Conflitto in Iran: conseguenze sulle esportazioni di rilevanza bellica
Berna, 20.03.2026 — Il 20 marzo 2026 il Consiglio federale ha valutato le ripercussioni dell’applicazione della neutralità sulle esportazioni verso gli Stati implicati nel conflitto con l’Iran. L’esportazione di materiale bellico verso i Paesi coinvolti nel conflitto armato internazionale con l’Iran non può essere autorizzata fintanto che il conflitto è in corso. D’ora in poi un gruppo interdipartimentale di esperti esaminerà a intervalli regolari le autorizzazioni in essere e le esportazioni di altri beni, in particolare per quanto riguarda la loro compatibilità con la neutralità.
Il 20 marzo 2026 il Consiglio federale ha esaminato la questione dell’esportazione di beni verso i Paesi implicati nel conflitto. La discussione interviene dopo la seduta del 13 marzo 2026 sull’applicabilità del principio di neutralità alla guerra tra Stati Uniti/Israele e l’Iran, nonché dopo le sue decisioni del 14 marzo 2026 relative a specifiche domande di sorvolo per aeromobili.

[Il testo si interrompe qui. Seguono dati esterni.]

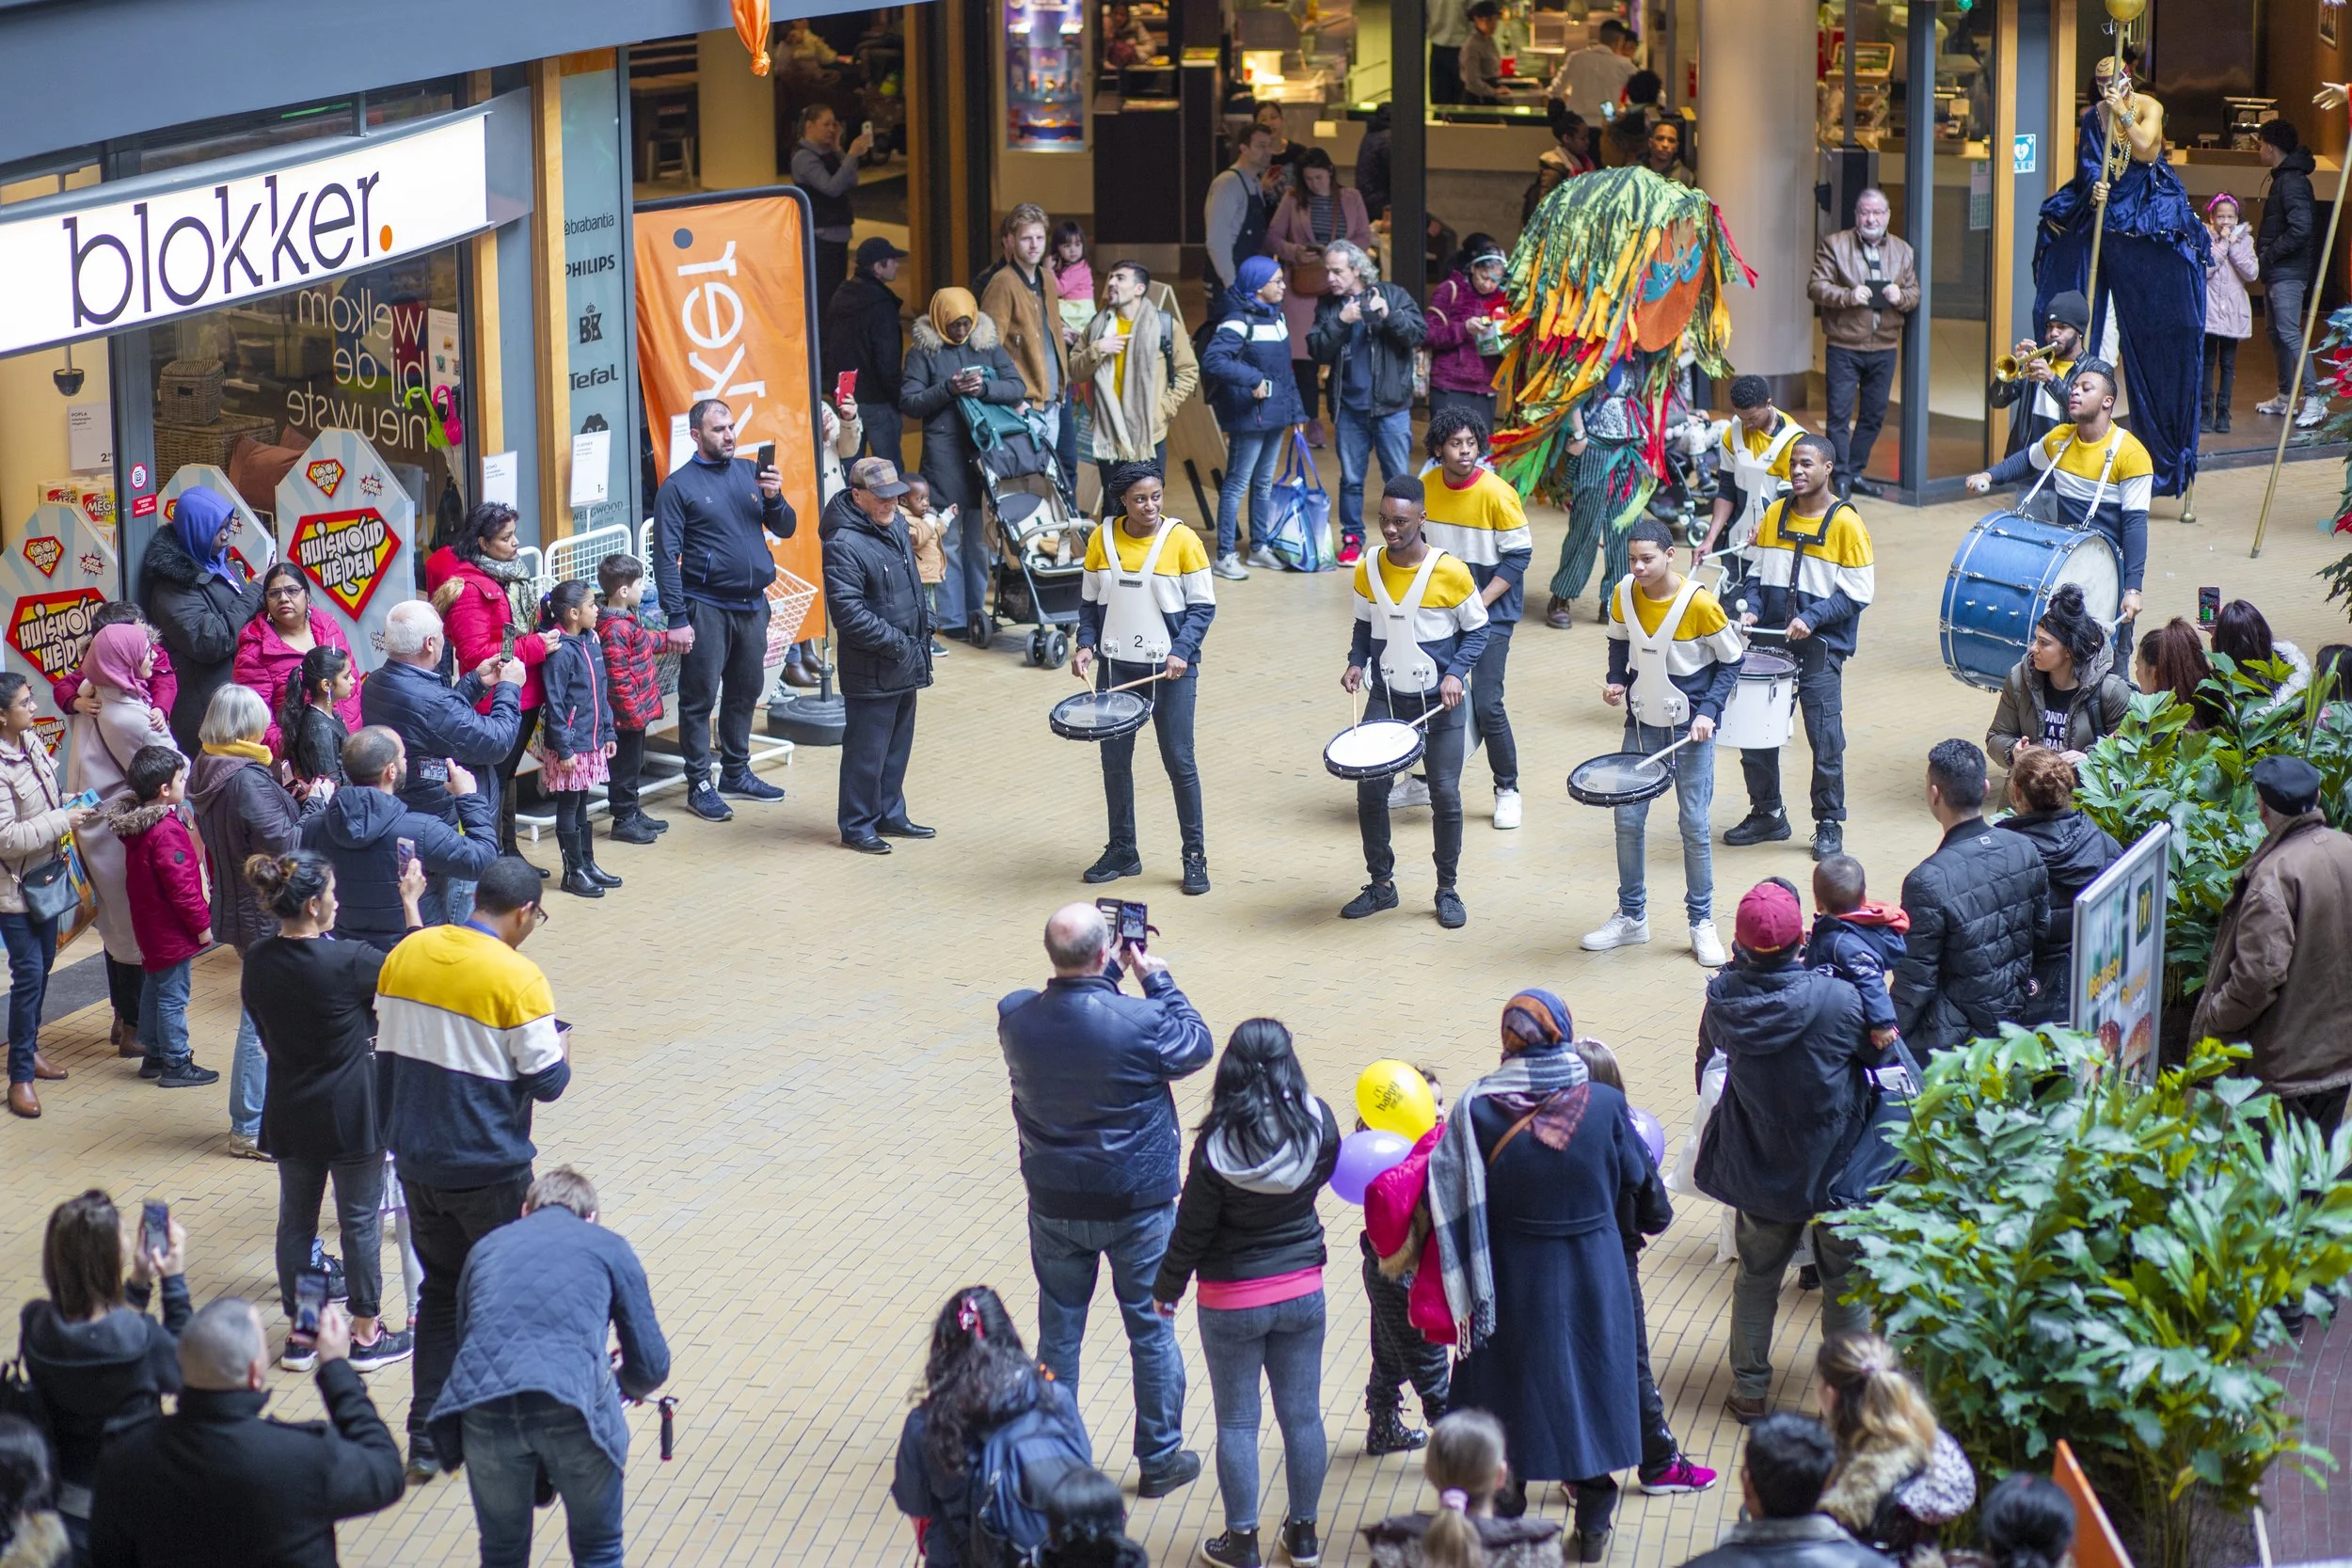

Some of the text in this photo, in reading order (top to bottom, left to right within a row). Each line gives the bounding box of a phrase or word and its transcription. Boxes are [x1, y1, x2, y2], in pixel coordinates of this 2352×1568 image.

[570, 212, 614, 234] brabantia
[565, 254, 615, 279] PHILIPS
[568, 363, 619, 391] Tefal
[300, 515, 385, 566] HUISHOUD
[321, 550, 376, 594] HELDEN
[1134, 634, 1143, 648] 2
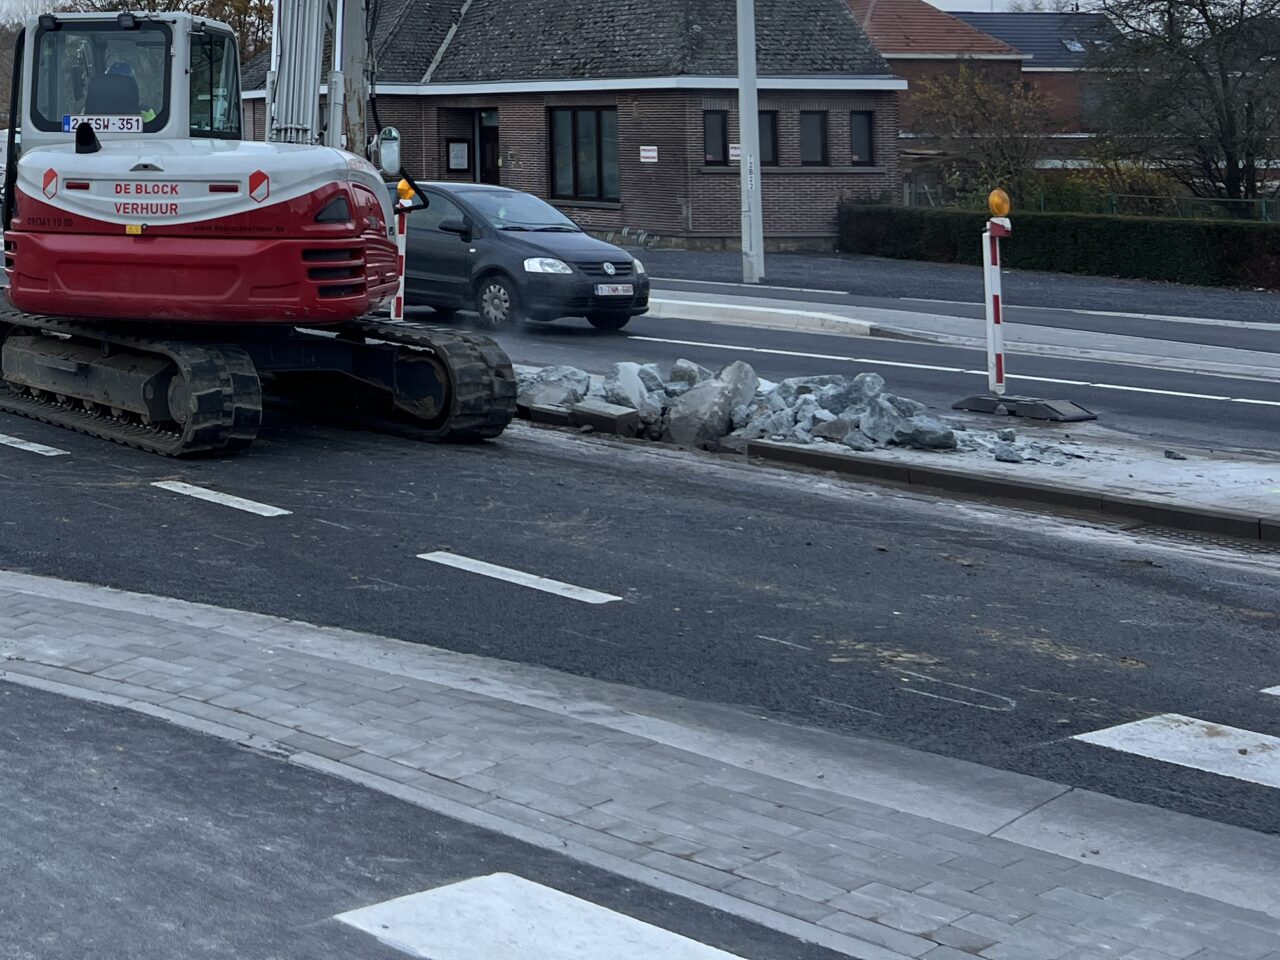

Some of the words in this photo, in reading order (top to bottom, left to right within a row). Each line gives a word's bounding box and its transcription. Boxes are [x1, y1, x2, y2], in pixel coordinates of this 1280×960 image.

[71, 117, 140, 130] 2ESW-351
[115, 184, 131, 194] DE
[135, 184, 179, 195] BLOCK
[114, 203, 179, 215] VERHUUR

Attualmente non è possibile autorizzare esportazioni di materiale bellico verso gli Stati Uniti, in virtù della loro implicazione in un conflitto armato internazionale secondo l’articolo 22a capoverso 2 lettera a della legge sul materiale bellico (LMB). Dal momento dell’escalation (28 febbraio 2026) non sono state più rilasciate nuove autorizzazioni per l’esportazione di materiale bellico verso gli Stati Uniti. Per quanto riguarda Israele, già da anni non vengono più concesse autorizzazioni definitive per l’esportazione di materiale bellico. Lo stesso vale per l’Iran. Per quanto riguarda le autorizzazioni in essere; è stato riscontrato che non presentanorilevanza bellica, pertanto possono continuare a essere utilizzate. Un gruppo interdipartimentale di esperti (DEFR, DFAE e DDPS), tuttavia, esamina a intervalli regolari l’andamento delle esportazioni dei beni in questione verso gli Stati Uniti e valuterà l’eventuale necessità di intervenire sulla base del diritto di neutralità.
Anche le esportazioni di beni a duplice impiego (dual use) e di beni militari speciali, soggette alla legge sul controllo dei beni a duplice impiego (LBDI), nonché di beni non soggetti a controllo ma comunque contemplati dalle misure sanzionatorie nei confronti dell’Iran, vengono periodicamente esaminate d’ora in poi dal gruppo di esperti. Per quanto riguarda Israele, vige comunque già un regime restrittivo.